In an earlier post I described the making of a pinhole photo as “nature and science in cahoots. . . ” I like that description. I don’t get to use “cahoots” as often as I want because it draws a lot of attention to itself. Yet, the description is problematic. Are science and nature separate entities?
Looky here: I’ll be a typically lazy blogger and go grab a definition from Wikipedia:
Science is a systematic enterprise of gathering knowledge about the world and organizing and condensing that knowledge into testable laws and theories.
Science is just the parts nature that we’ve got a handle on. Science is our arrogance of perceived mastery. The distinction is all about our point of view from way, way up on the superior creature pyramid. See, to a dumb creature like a possum, an oak tree is nature. But to a botanist or chemist or microbiologist or ornithologist or entomologist it’s science.
Eh. The oak tree is what it is despite our testable laws and theories (i.e. makes awesome kitchen cabinets!).

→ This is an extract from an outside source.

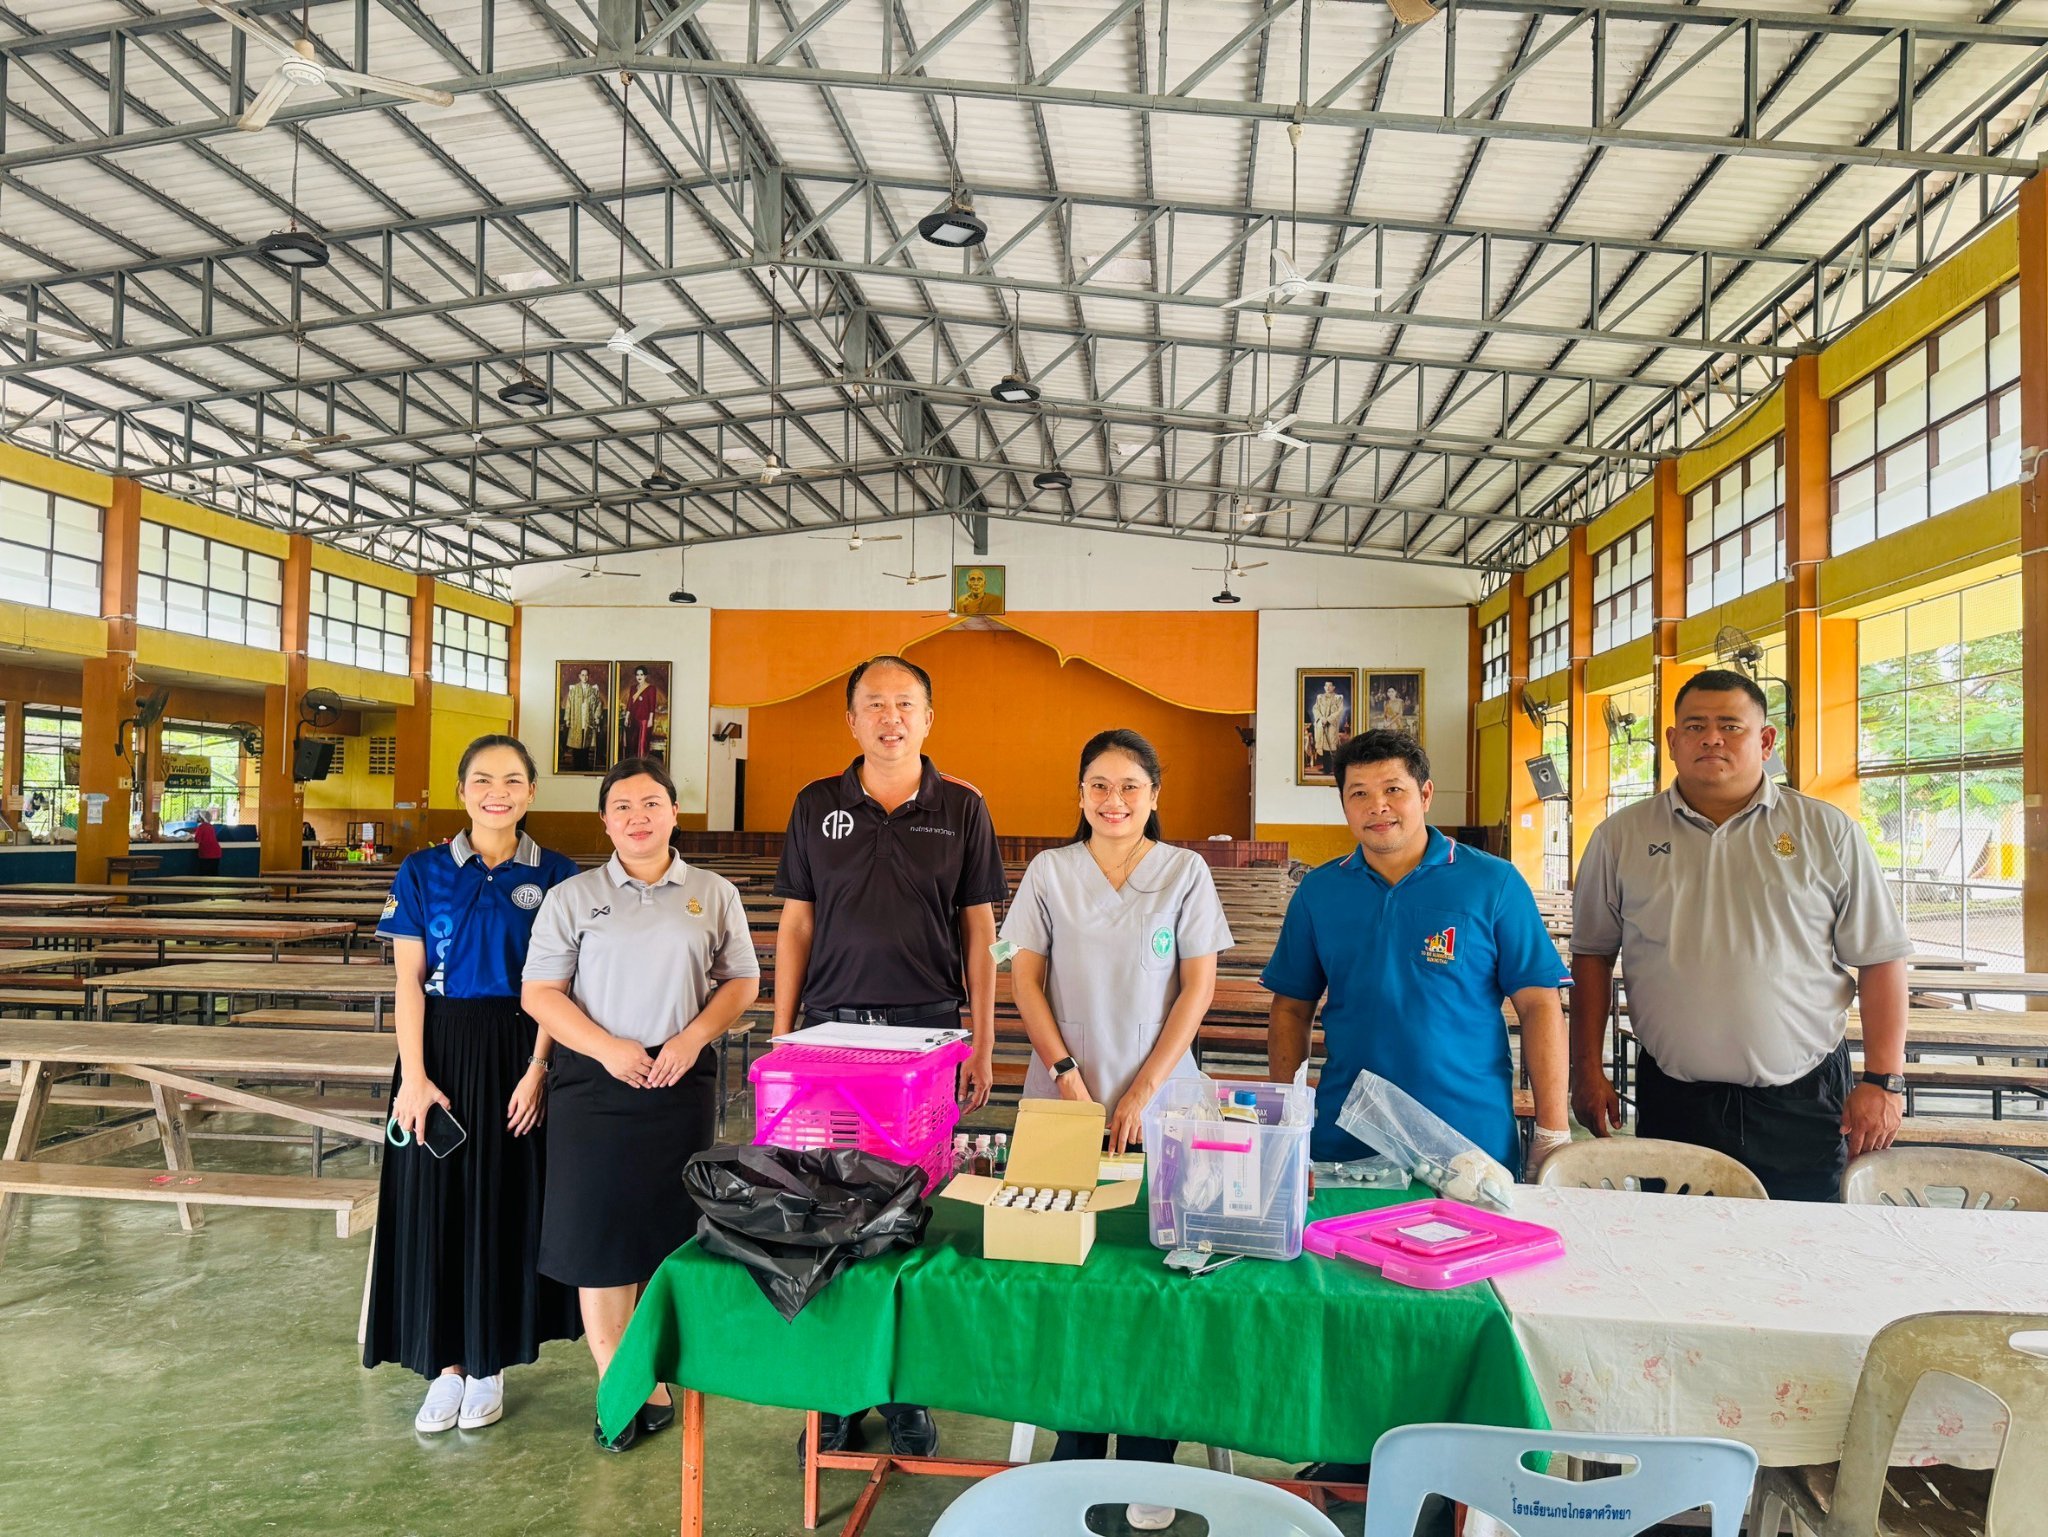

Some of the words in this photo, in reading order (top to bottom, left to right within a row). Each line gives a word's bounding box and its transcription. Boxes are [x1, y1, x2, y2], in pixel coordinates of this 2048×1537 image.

I never thought about this until I spent a few fabulous days at an NEH-sponsored retreat for science museum professionals, back when I worked at a science museum. At St. John’s College in Santa Fe, 20 of us from around the country attended seminars taught in the very intimidating round-table style of St. John’s, discussing “science” texts (more like philosophy) by Aristotle and Francis Bacon, which I could barely understand (so much for my fancy liberal arts education).
The professor for our biology labs was a woman from the nearby Tewa Indian reservation. She tore apart the idea of science. She said that the Tewa people didn’t have a word for science. Since I got this information straight from her, I believed it (unlike the myth of Eskimos having a zillion words for snow). She pointed out that the Indian people also gather knowledge about the world, often in a systematic way, but that the non-Indian culture does not consider this effort science. We consider it folk wisdom. Also, possessing what we consider scientific knowledge does not alter the core attributes of whatever we study. The oak tree is the oak tree regardless of how well we understand its nature.
So what, you say. Science is the study of nature. What’s the problem?
The problem is that science is often promoted and perceived as superior to nature. That our understanding and control over the world is an achievement greater than the actual world. We’re just a flock of dumb ducks paddling about, poking our heads under the surface to see what’s what.
Official caveat:
I realize I don’t have good handle on this argument, so feel free to jump in. Partly I think I’m too dumb to think this through properly, and partly I’m not good taking sides. I’m not about black & white. I’m all about shades of gray and on the other hand. It’s difficult for me to be absolute. Also, I happen to love reading about science. I love looking through microscopes. I am in awe scientists and scientific discoveries . . . so there you go. I am not completely talking out my ass, but from that general vicinity. On the other hand . . . this is me exploring an idea, which is a valid pursuit, yes?